Segment Open

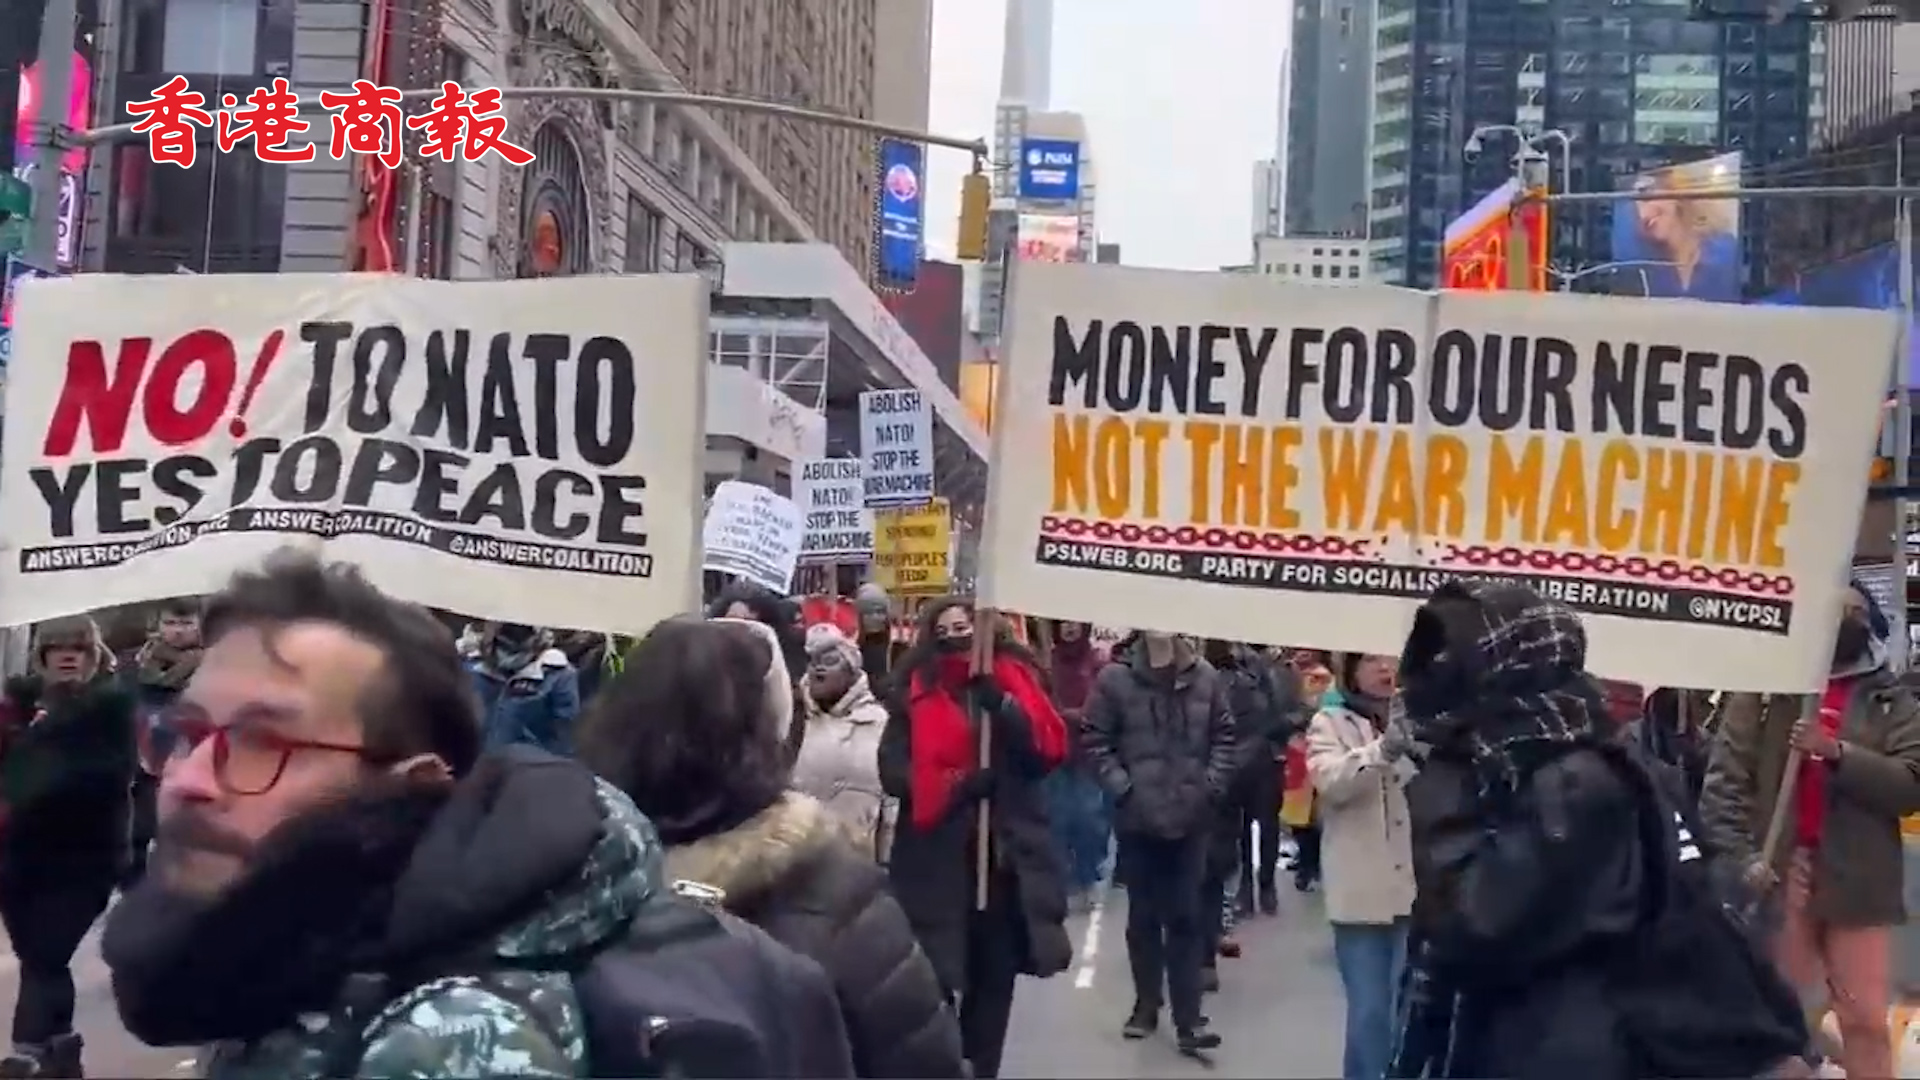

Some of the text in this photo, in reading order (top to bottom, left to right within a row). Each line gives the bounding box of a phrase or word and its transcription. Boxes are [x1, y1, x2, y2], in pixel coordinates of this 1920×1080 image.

[43, 321, 635, 466] NO! TO NATO
[868, 391, 921, 414] ABOLISH
[1049, 315, 1809, 459] MONEY FOR OUR NEEDS
[29, 436, 647, 546] YES TO PEACE
[802, 462, 861, 480] ABOLISH
[872, 449, 920, 471] STOP THE
[1052, 413, 1169, 520] NOT
[1185, 421, 1303, 530] THE
[1318, 426, 1469, 536] WAR
[1484, 433, 1802, 568] MACHINE
[250, 510, 433, 543] ANSWERCOALITION
[450, 535, 650, 576] @ANSWERCOALITION
[806, 512, 835, 529] STOP
[836, 510, 860, 527] THE
[1043, 543, 1184, 573] PSLWEB.ORG
[1201, 556, 1275, 581] PARTY
[1281, 563, 1327, 585] FOR
[1527, 579, 1669, 613] IBERATION
[1688, 596, 1784, 627] @NYCPSL
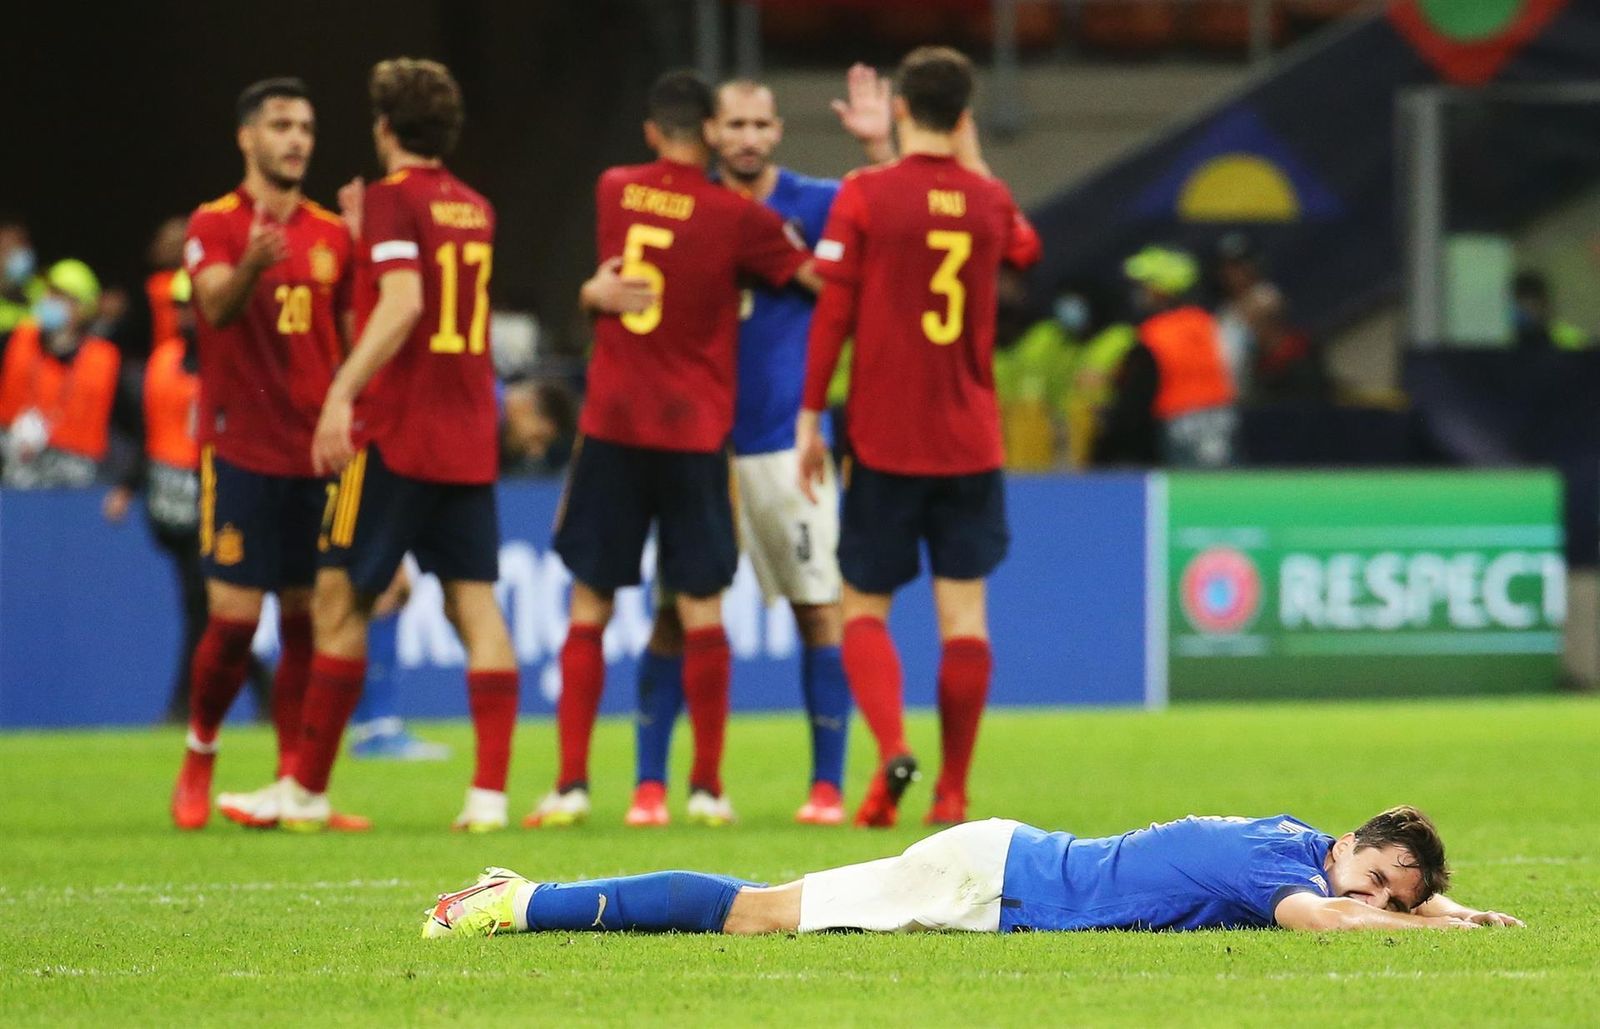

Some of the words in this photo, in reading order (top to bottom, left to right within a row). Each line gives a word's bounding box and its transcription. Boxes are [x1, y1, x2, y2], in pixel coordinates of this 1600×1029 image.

[274, 284, 313, 333] 20
[429, 242, 493, 355] 17
[621, 223, 674, 335] 5
[921, 230, 972, 345] 3
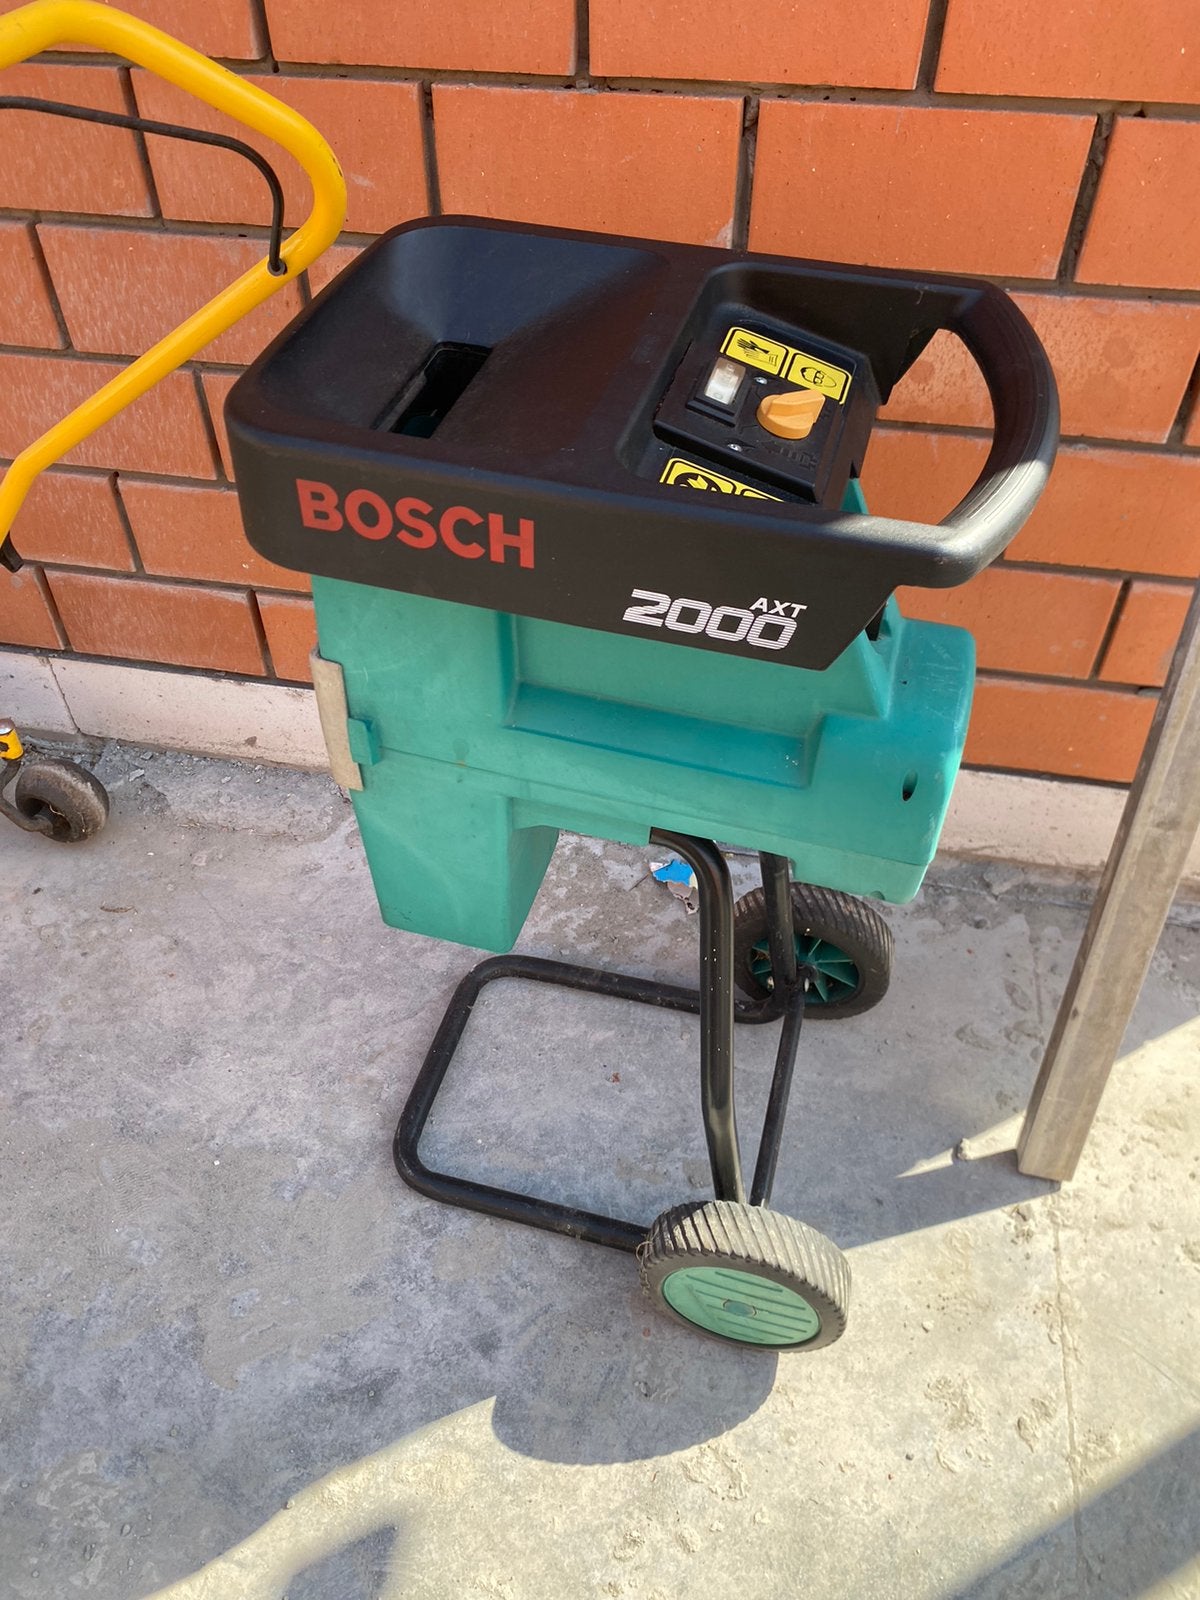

Segment Closed

### Required work
The required result is an exact copy of the lines from the line containing "Some of the words" through the end of the entries, with every picture left out.

### Problem solution
Some of the words in this photo, in reading order (top to bottom, left to right within a row). Each line gives a word's bounding box and its transcription. Boxes are [x1, y1, x2, y2], in pixel coordinates of this 1600×1029 image.

[274, 284, 313, 333] 20
[429, 242, 493, 355] 17
[621, 223, 674, 335] 5
[921, 230, 972, 345] 3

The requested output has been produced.